*** Information ***

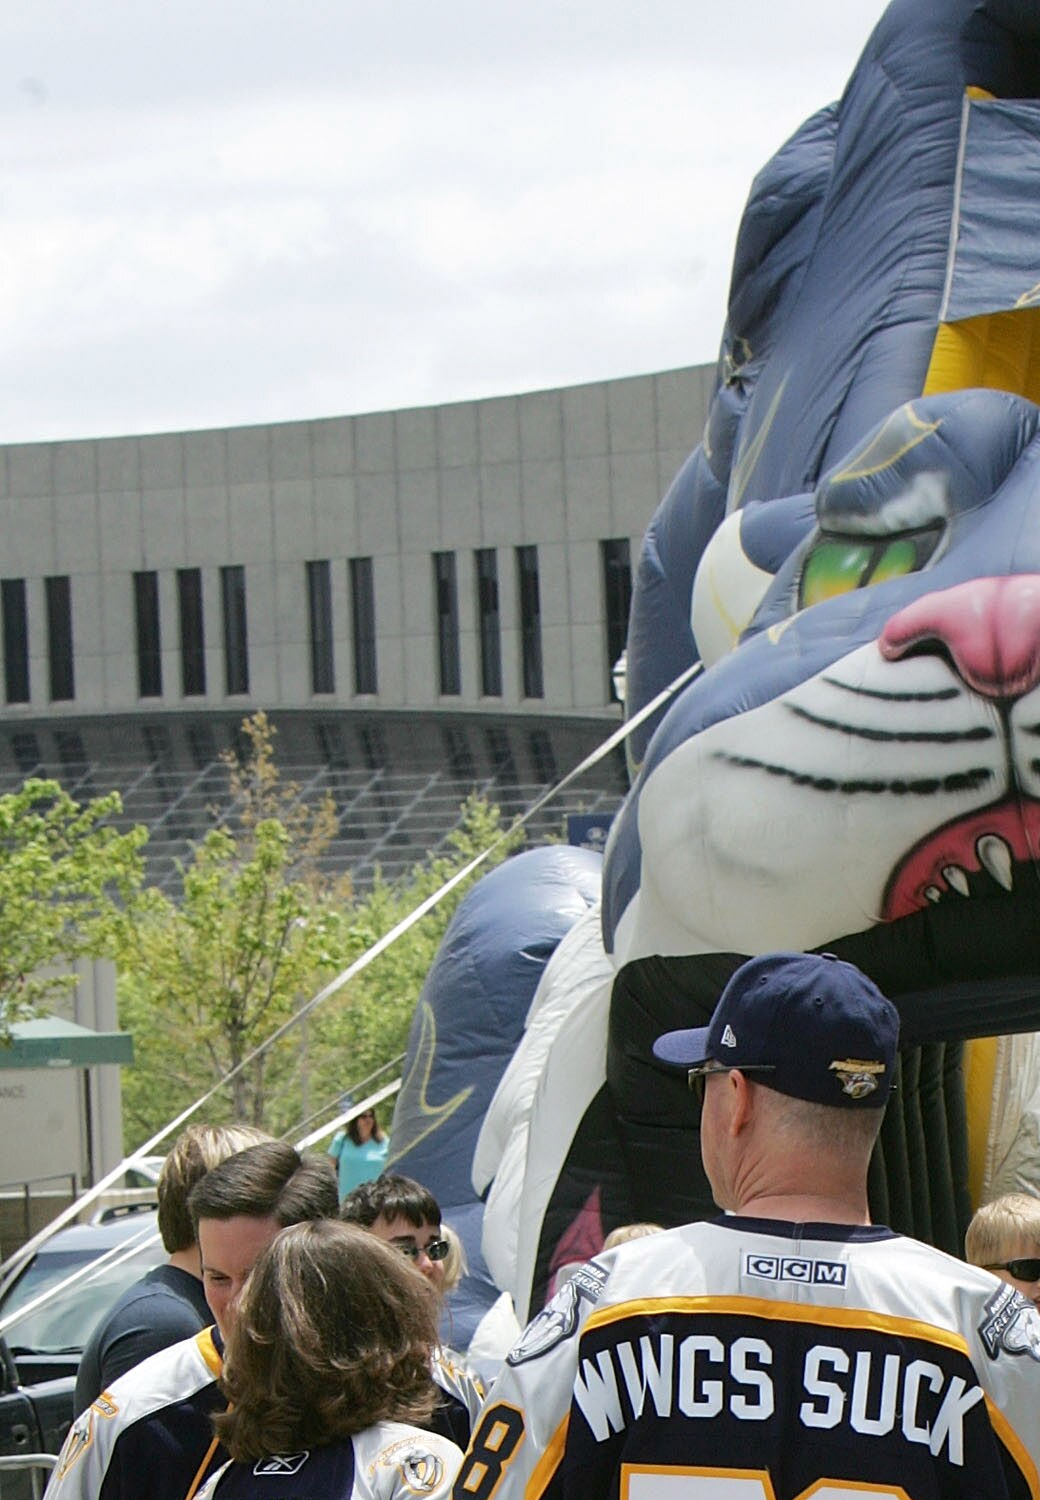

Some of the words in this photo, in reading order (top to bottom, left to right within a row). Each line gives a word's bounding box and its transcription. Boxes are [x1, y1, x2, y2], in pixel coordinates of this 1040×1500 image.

[747, 1255, 846, 1285] CCM
[573, 1333, 775, 1442] WINGS
[799, 1345, 984, 1466] SUCK
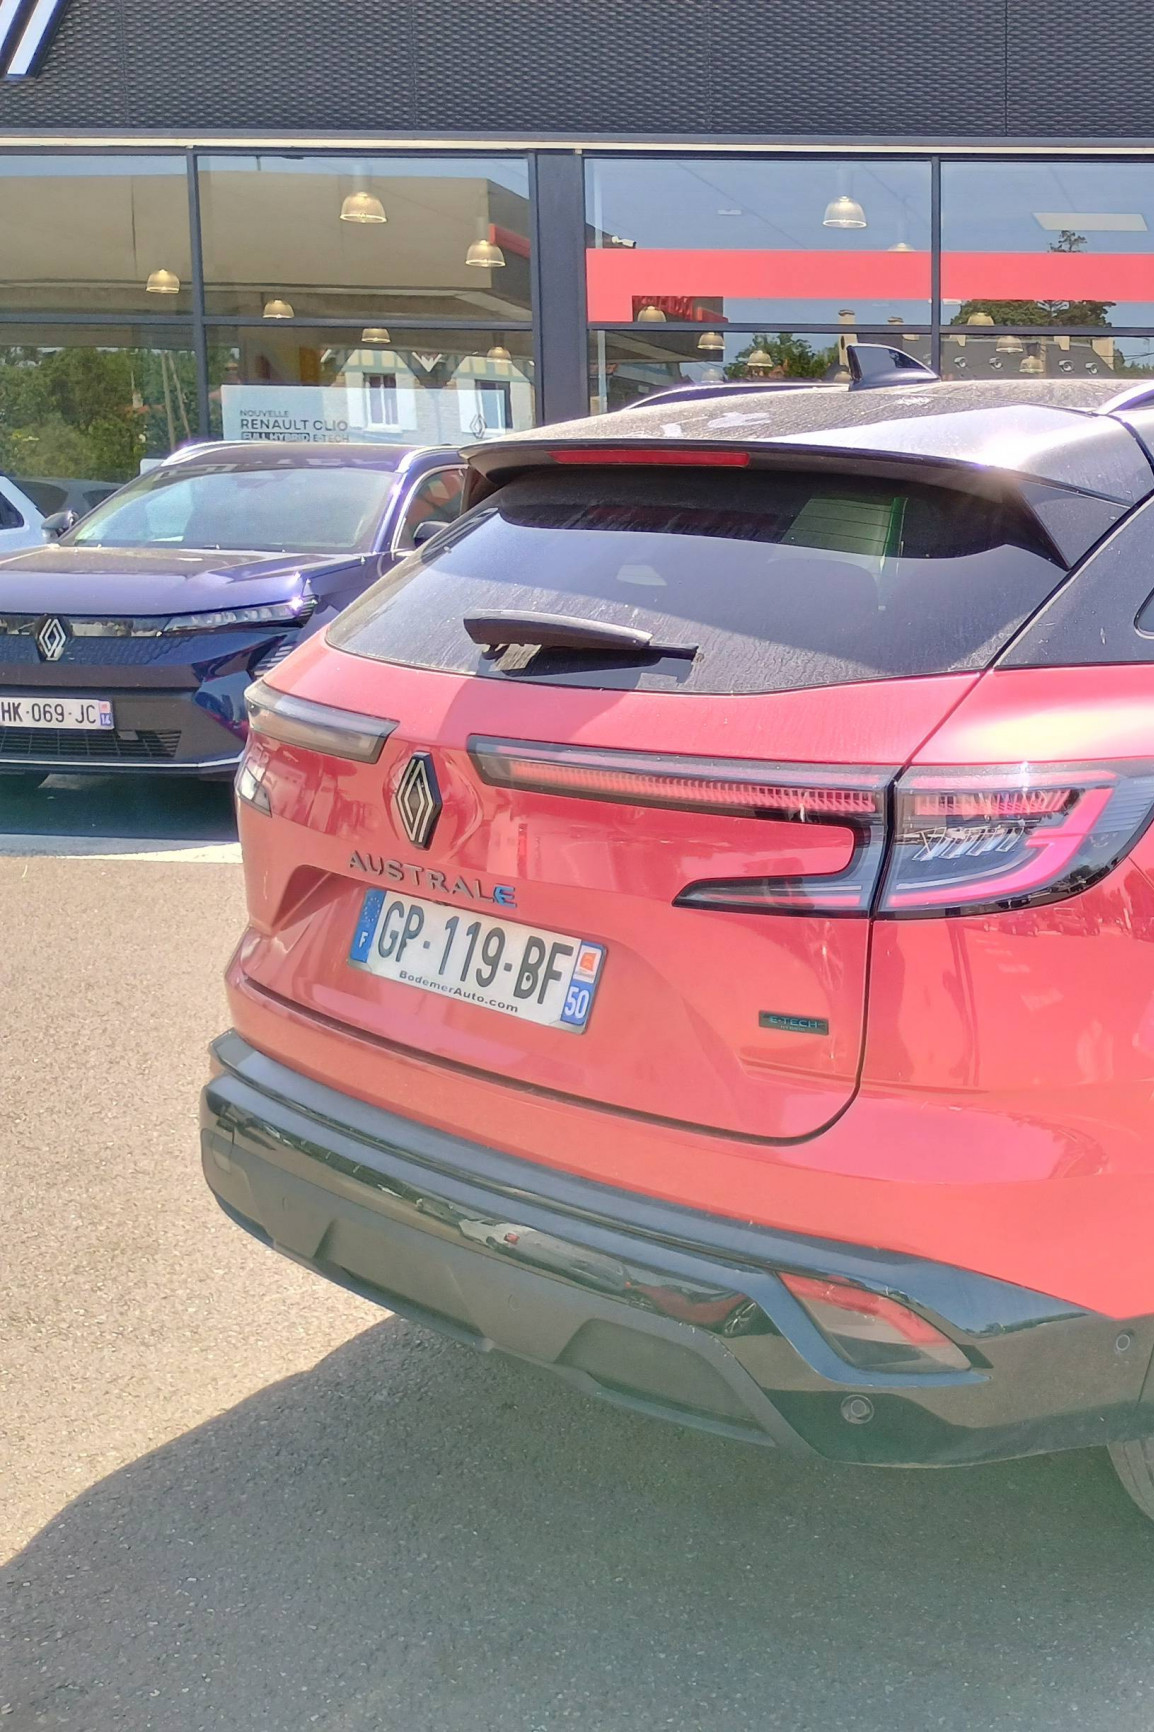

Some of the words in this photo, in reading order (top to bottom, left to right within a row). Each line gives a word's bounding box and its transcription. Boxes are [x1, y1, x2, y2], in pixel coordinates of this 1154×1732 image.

[240, 410, 289, 418] NOUVELLE
[241, 419, 309, 430] RENAULT
[313, 420, 348, 432] CLIO
[350, 850, 518, 908] AUSTRALE
[358, 931, 369, 949] F
[399, 970, 519, 1013] BodemerAuto.com
[564, 986, 590, 1020] 50
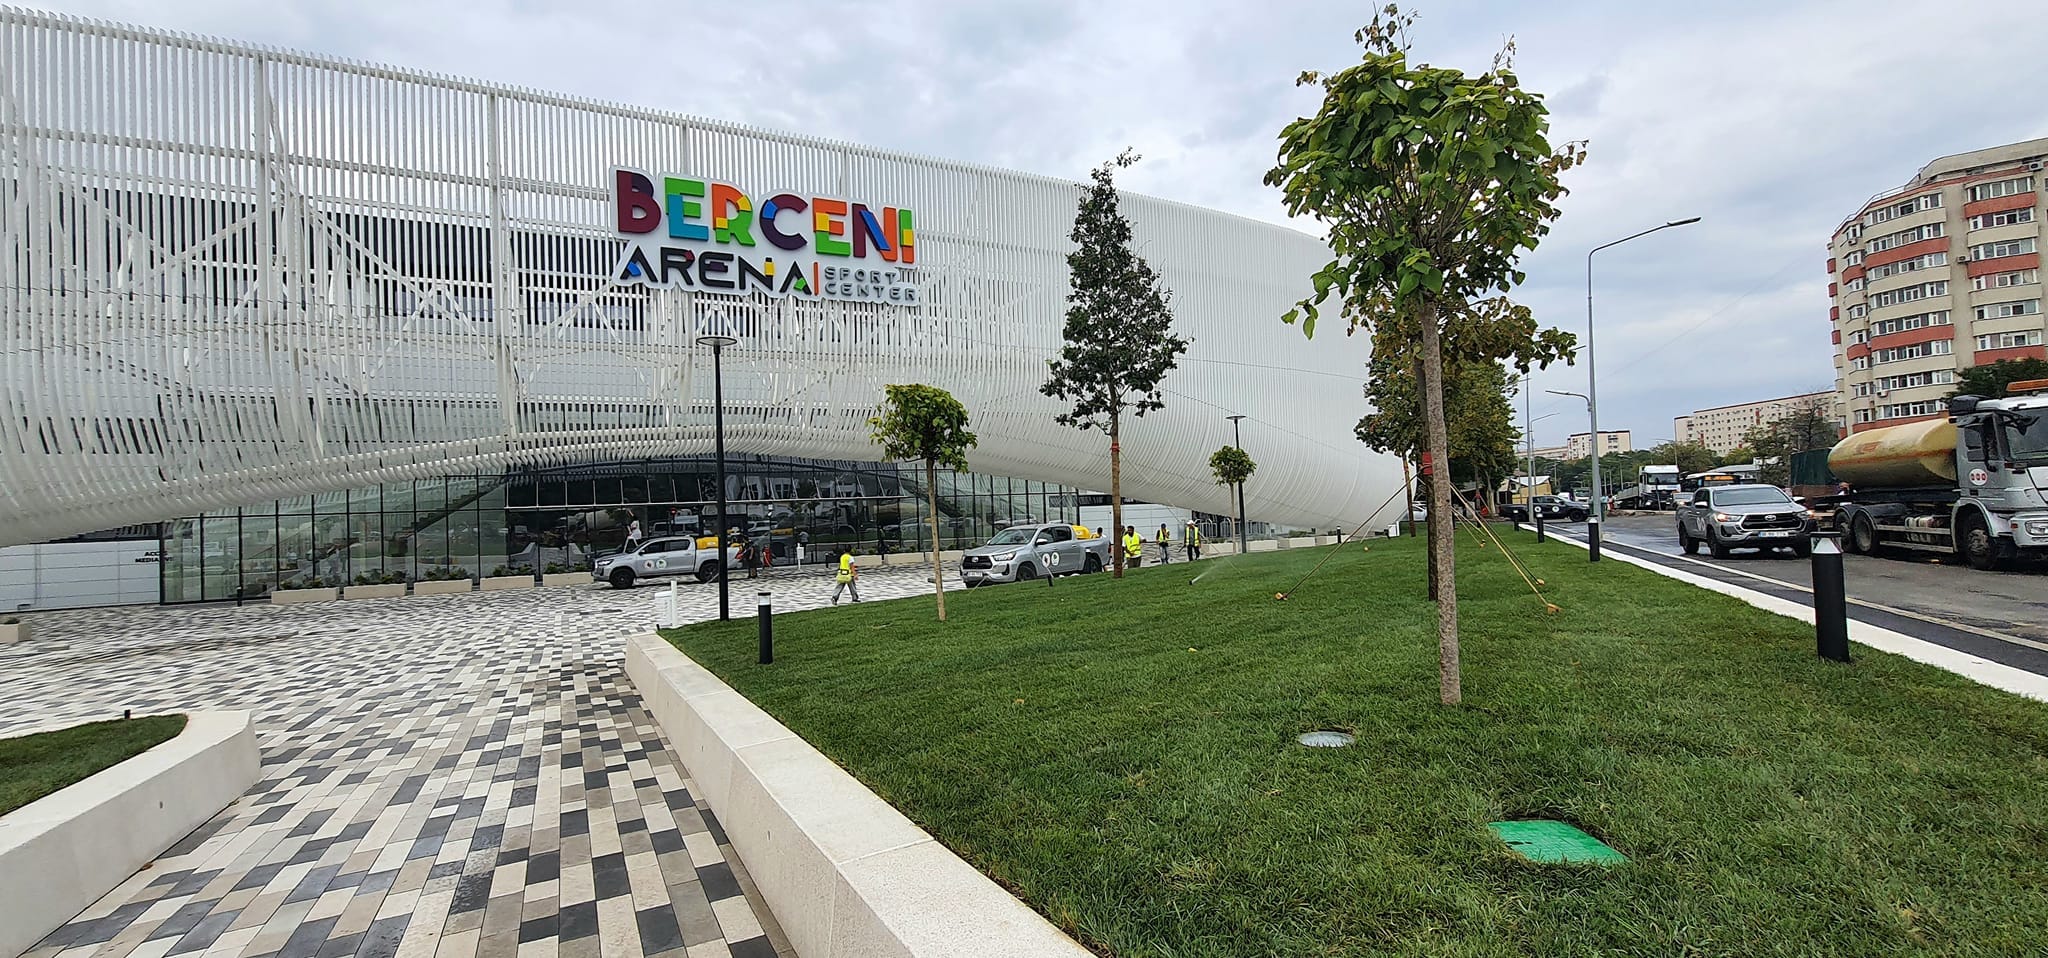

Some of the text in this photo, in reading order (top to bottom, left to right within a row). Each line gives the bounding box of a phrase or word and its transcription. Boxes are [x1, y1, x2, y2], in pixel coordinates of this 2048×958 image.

[616, 170, 915, 264] BERCENI
[620, 245, 812, 296] ARENA
[824, 266, 897, 285] SPORT
[825, 281, 916, 301] CENTER

*** End of Information ***

▶ _Activity_
Please print the entries exactly as they stand. Images are not part of the copy.

▶ _Written response_
Some of the words in this photo, in reading order (top to bottom, left to right within a row). Each line gives a word's bounding box and its transcription. Boxes are [x1, y1, x2, y2], in pixel coordinates of this 1040×1500 image.

[747, 1255, 846, 1285] CCM
[573, 1333, 775, 1442] WINGS
[799, 1345, 984, 1466] SUCK

Some of the words in this photo, in reading order (top to bottom, left to right within a row). Each line gives a word's bounding box and its transcription. Boxes are [x1, y1, x2, y2], in pixel coordinates of this 1154×1732 image.

[240, 410, 289, 418] NOUVELLE
[241, 419, 309, 430] RENAULT
[313, 420, 348, 432] CLIO
[350, 850, 518, 908] AUSTRALE
[358, 931, 369, 949] F
[399, 970, 519, 1013] BodemerAuto.com
[564, 986, 590, 1020] 50

Some of the text in this photo, in reading order (top to bottom, left to right within a row). Each line gives the bounding box of a phrase or word and its transcription. Boxes are [x1, y1, x2, y2], in pixel coordinates of this 2048×958 image.

[616, 170, 915, 264] BERCENI
[620, 245, 812, 296] ARENA
[824, 266, 897, 285] SPORT
[825, 281, 916, 301] CENTER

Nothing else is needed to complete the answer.